*** Opening of DATA FOR REVIEW ***

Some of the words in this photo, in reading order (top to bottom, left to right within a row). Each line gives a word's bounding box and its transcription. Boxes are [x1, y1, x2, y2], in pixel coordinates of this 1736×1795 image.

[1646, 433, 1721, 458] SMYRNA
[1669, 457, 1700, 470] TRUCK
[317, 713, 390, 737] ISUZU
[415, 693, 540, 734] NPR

*** Close of DATA FOR REVIEW ***

# WHAT TO WORK ON:
Reproduce the material while keeping each line exactly as it was written.

# TASK RESULT:
Some of the words in this photo, in reading order (top to bottom, left to right within a row). Each line gives a word's bounding box and its transcription. Boxes are [x1, y1, x2, y2], in pixel coordinates of this 1736×1795 image.

[1646, 433, 1721, 458] SMYRNA
[1669, 457, 1700, 470] TRUCK
[317, 713, 390, 737] ISUZU
[415, 693, 540, 734] NPR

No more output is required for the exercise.